DataStream API提供TimestampAssigner
接口来提取数据的时间戳。timestamp assigner通常会在source function之后调用,除非assign timestamp之前不对流进行重新划分,如keyBy、rebalance等,因之后timestamp就不好处理。assign即使能延后,但也必须在event-time dependent transformation之前,如第一个event-time window。
val readings: DataStream[SensorReading] = env
.addSource(new SensorSource)
// assign timestamps and generate watermarks
.assignTimestampsAndWatermarks(new MyAssigner())
上面的MyAssigner可以是AssignerWithPeriodicWatermarks
or AssignerWithPunctuatedWatermarks
,两个都继承自TimestampAssigner
。
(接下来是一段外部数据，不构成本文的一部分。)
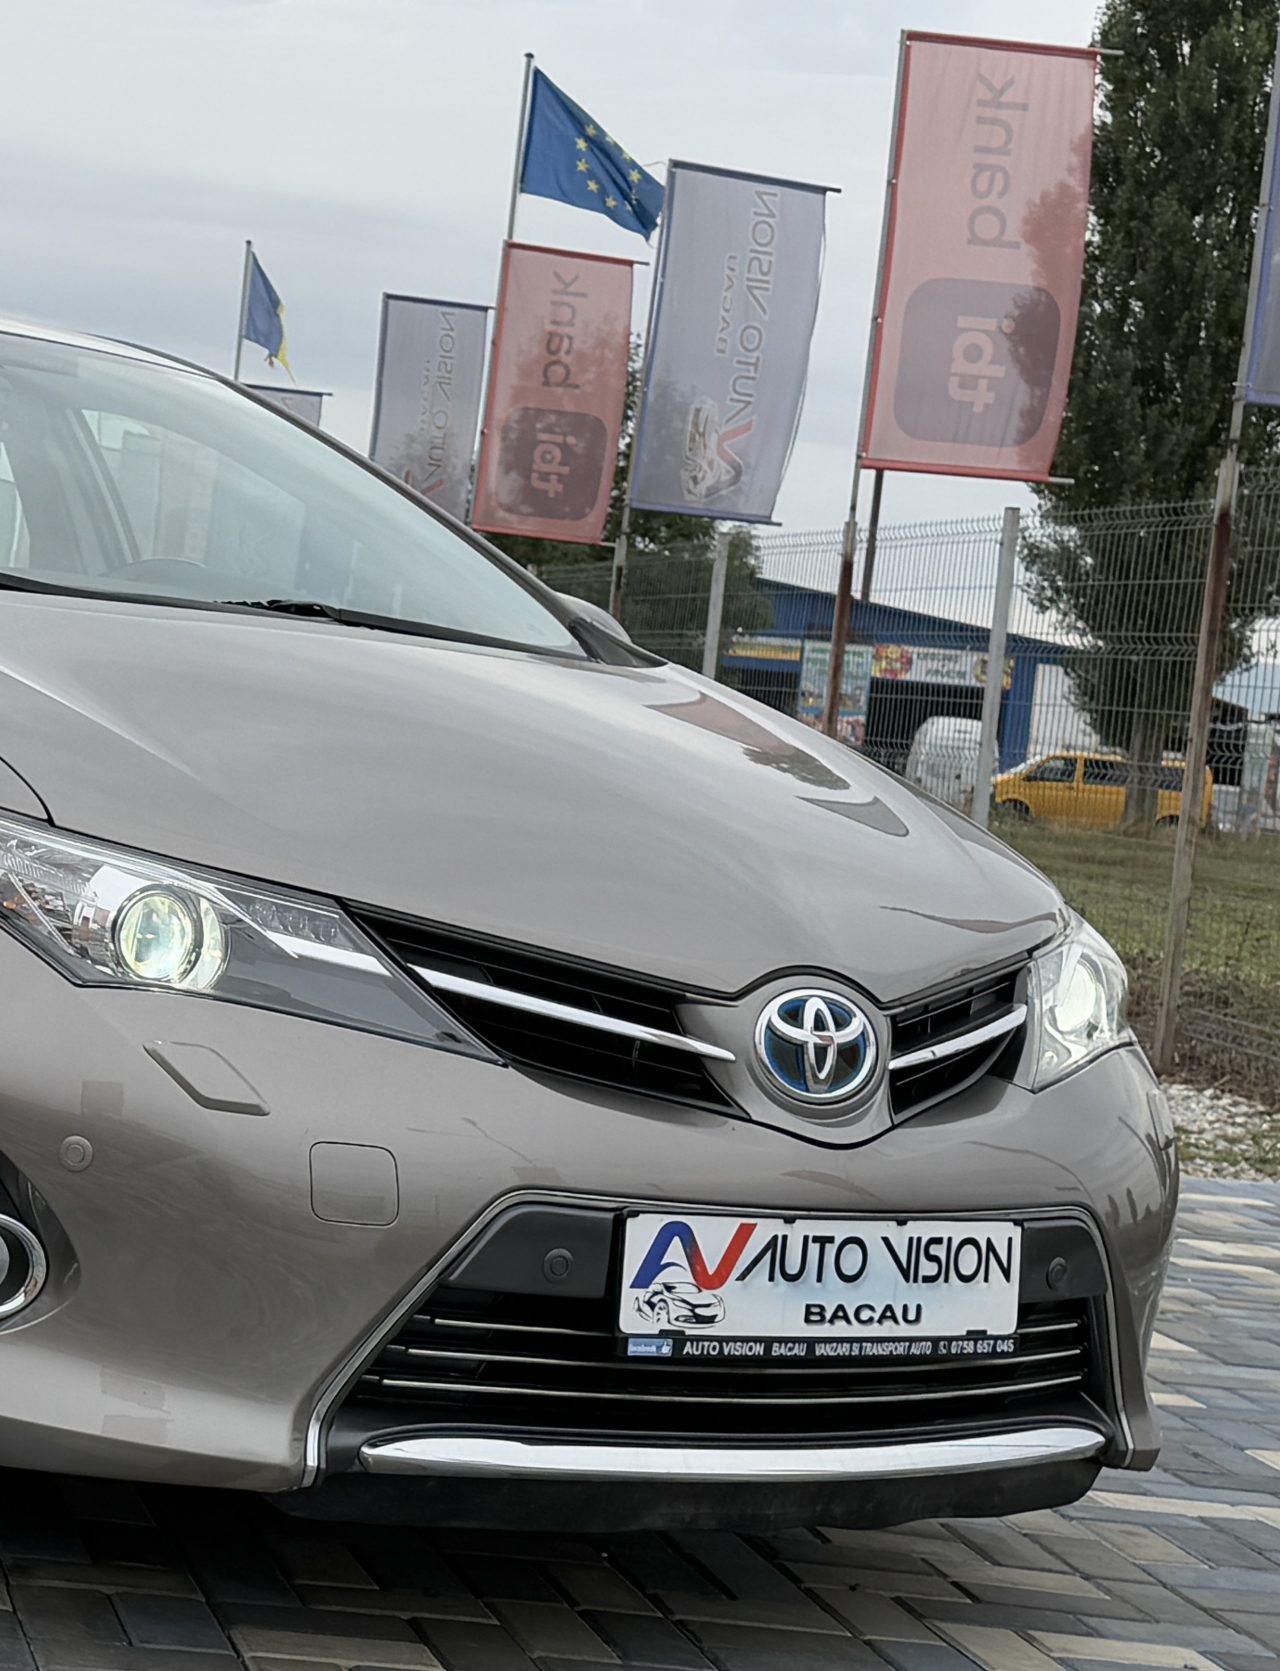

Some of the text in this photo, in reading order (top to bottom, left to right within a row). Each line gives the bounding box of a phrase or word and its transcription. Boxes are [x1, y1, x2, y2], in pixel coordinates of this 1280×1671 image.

产生的新WM都必须大于之前的WM。
ASSIGNER WITH PERIODIC WATERMARKS
// 添加下面设置后,AssignerWithPeriodicWatermarks就会每个隔5s调用一次getCurrentWatermark()。如果该方法返回一个non-null值,且该值的timestamp大于前一个WM,那么新的WM就会被发送。注意,这必须假设数据的event time时间戳(不是数据时间戳)是递增的,否则方法返回null,没有新WM。
env.getConfig.setAutoWatermarkInterval(5000) // 默认200ms
// 下面产生WM是按照当前所接收到的数据中timestamp最大值-1m,即比最大值小一分钟的数据依然能近窗口,多于1分钟的就要另外处理了。
class PeriodicAssigner
extends AssignerWithPeriodicWatermarks[SensorReading] {
val bound: Long = 60 * 1000 // 1 min in ms
var maxTs: Long = Long.MinValue // the maximum observed timestamp
override def getCurrentWatermark: Watermark = {
// generated watermark with 1 min tolerance
new Watermark(maxTs - bound)
// 下面这个就变成依据process time来创建WM了
new Watermark(System.currentTimeMillis() - bound)
}
override def extractTimestamp(r: SensorReading, previousTS: Long): Long = {
// update maximum timestamp
maxTs = maxTs.max(r.timestamp)
// return record timestamp
r.timestamp
}
}
// 这个是上面的简化版
val output = stream.assignTimestampsAndWatermarks(
new BoundedOutOfOrdernessTimestampExtractor[MyEvent](
Time.seconds(60))(_.getCreationTime)
// 如果数据的时间戳不是乱序的,可以用下面方法直接按当前时间作为WM的时间戳
val withTimestampsAndWatermarks = stream
.assignAscendingTimestamps(_.getCreationTime)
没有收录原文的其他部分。